CUDA

CUDA (Compute Unified Device Architecture) is a parallel computing platform and application programming interface (API) model created by NVIDIA. It allows software developers to use a CUDA-enabled graphics processing unit (GPU) for general purpose processing, an approach known as General Purpose GPU (GPGPU) computing.


Usage

You need to first request one or more GPUs within an interactive session or batch job on a worker node.

To request three of any available public GPUs for a batch job you would include all the following in the header of your submission script:

#SBATCH --partition=gpu
#SBATCH --qos=gpu
#SBATCH --nodes=1
#SBATCH --gres=gpu:3

Note

See Using GPUs on Stanage for more information on how to request a GPU-enabled node for an interactive session or job submission.

You then need to ensure a version of the CUDA library (and compiler) is loaded.

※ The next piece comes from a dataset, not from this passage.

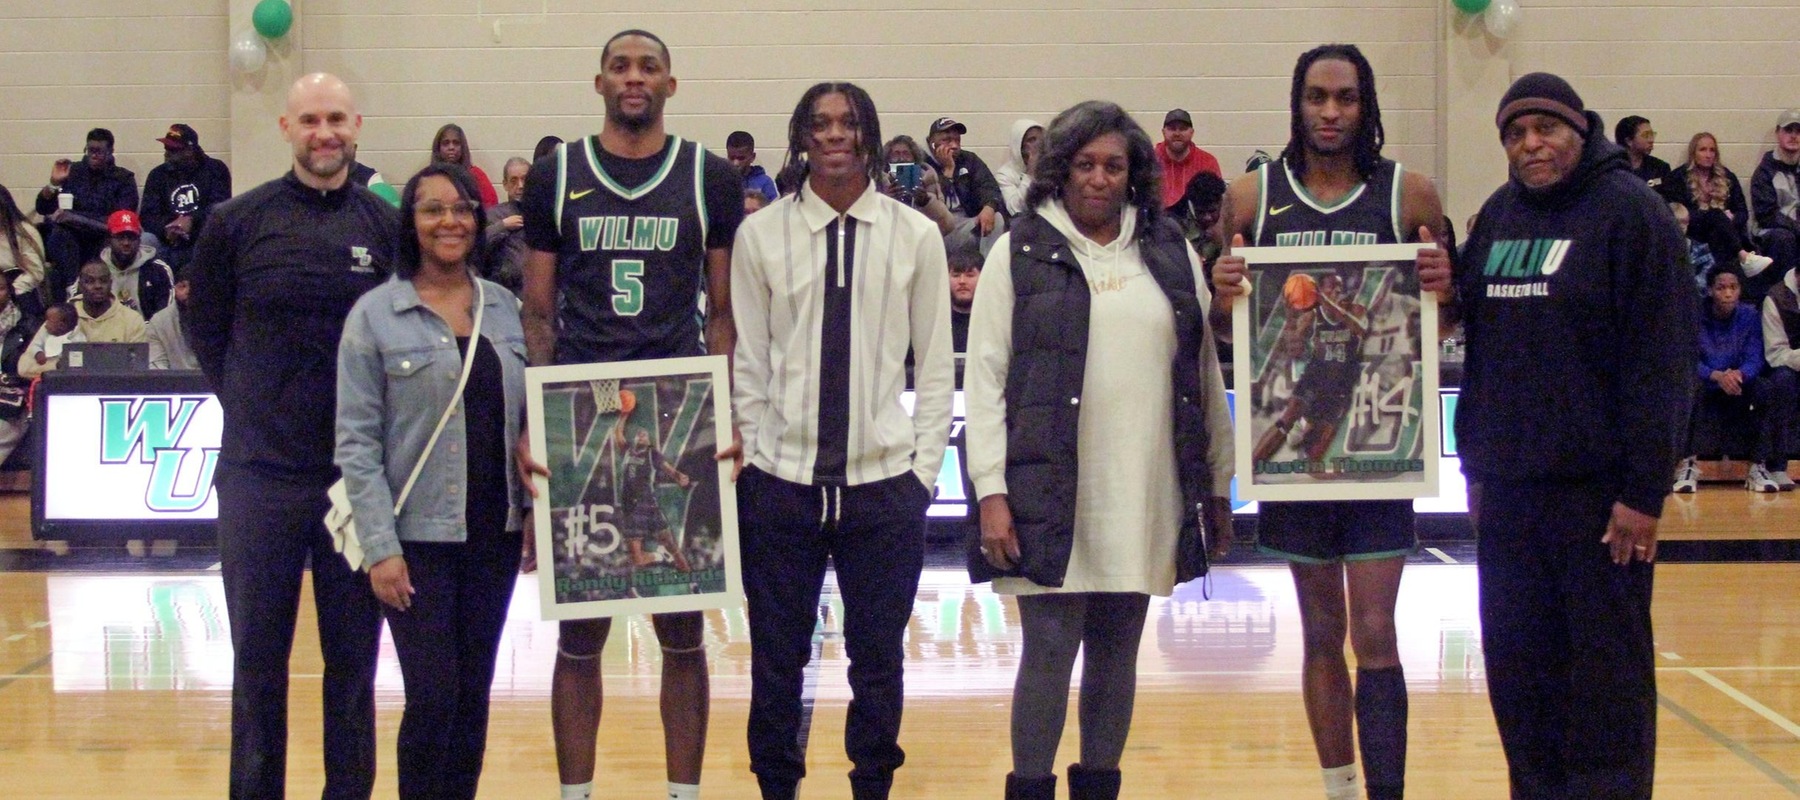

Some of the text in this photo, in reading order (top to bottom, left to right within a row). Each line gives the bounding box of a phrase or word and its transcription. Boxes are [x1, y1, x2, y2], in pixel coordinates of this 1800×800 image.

As with much software installed on the cluster, versions of CUDA are activated via the ‘module load’ command.

To load one of the currently available CUDA versions you can run one of the following commands:

module load CUDA/12.0.0
module load CUDA/11.8.0
module load CUDA/11.7.0
module load CUDA/11.1.1-GCC-10.2.0
module load CUDA/10.2.89-GCC-8.3.0
module load CUDA/10.1.243-GCC-8.3.0
module load CUDA/10.1.243
module load CUDA/10.1.105-GCC-8.2.0-2.31.1
module load CUDA/10.0.130

Note that the older versions of CUDA may implicitly load the GCC compiler. For newer versions you will also need to explicitly load a compiler e.g. GCC.

Confirm which version of CUDA you are using via nvcc --version e.g.:

$ nvcc --version
nvcc: NVIDIA (R) Cuda compiler driver
Copyright (c) 2005-2022 NVIDIA Corporation
Built on Mon_Oct_24_19:12:58_PDT_2022
Cuda compilation tools, release 12.0, V12.0.76
Build cuda_12.0.r12.0/compiler.31968024_0

Compiling a simple CUDA program

An example of the use of nvcc (the CUDA compiler):

nvcc filename.cu

This will compile the CUDA program contained in the file filename.cu.

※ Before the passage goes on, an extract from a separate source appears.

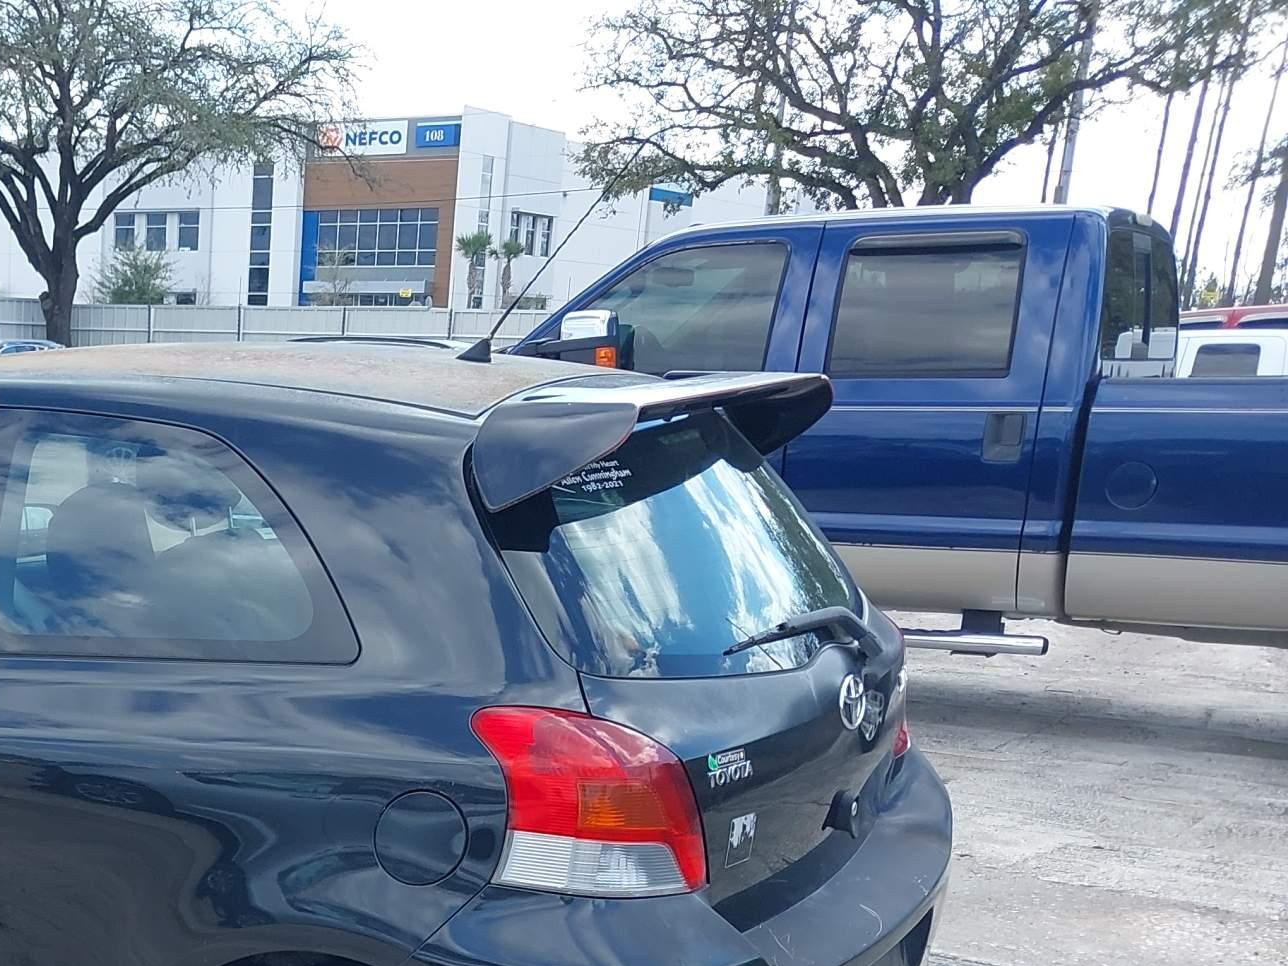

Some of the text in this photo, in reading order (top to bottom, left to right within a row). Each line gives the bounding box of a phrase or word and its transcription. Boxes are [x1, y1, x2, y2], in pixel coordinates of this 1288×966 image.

[344, 130, 402, 147] NEFCO
[424, 129, 444, 142] 108
[581, 480, 623, 493] 1982-2021
[707, 760, 753, 788] TOYOTA

Compiling the sample programs

You do not need to be using a GPU-enabled node to compile the sample programs but you do need at least one GPU to run them.

In this demonstration, we create a batch job that

  1. Request one GPU, a single CPU core and 8GB RAM

  2. Loads a module to provide CUDA 11.8

  3. Downloads compatible NVIDIA CUDA sample programs

  4. Compiles and runs an example that performs a matrix multiplication

#!/bin/bash
#SBATCH --partition=gpu
#SBATCH --qos=gpu
#SBATCH --gres=gpu:1         # Number of GPUs
#SBATCH --mem=8G
#SBATCH --time=0-00:05       # time (DD-HH:MM)
#SBATCH --job-name=gputest

module load CUDA/12.0.0

mkdir -p $HOME/examples
cd $HOME/examples
if ! [[ -f cuda-samples/.git ]]; then
    git clone https://github.com/NVIDIA/cuda-samples.git cuda-samples
fi
cd cuda-samples
git checkout tags/v12.0  # use sample programs compatible with CUDA 12.0
cd Samples/0_Introduction/matrixMul/
make SMS="80"
./matrixMul

GPU Code Generation Options

To achieve the best possible performance whilst being portable, GPU code should be generated for the architecture(s) it will be executed upon.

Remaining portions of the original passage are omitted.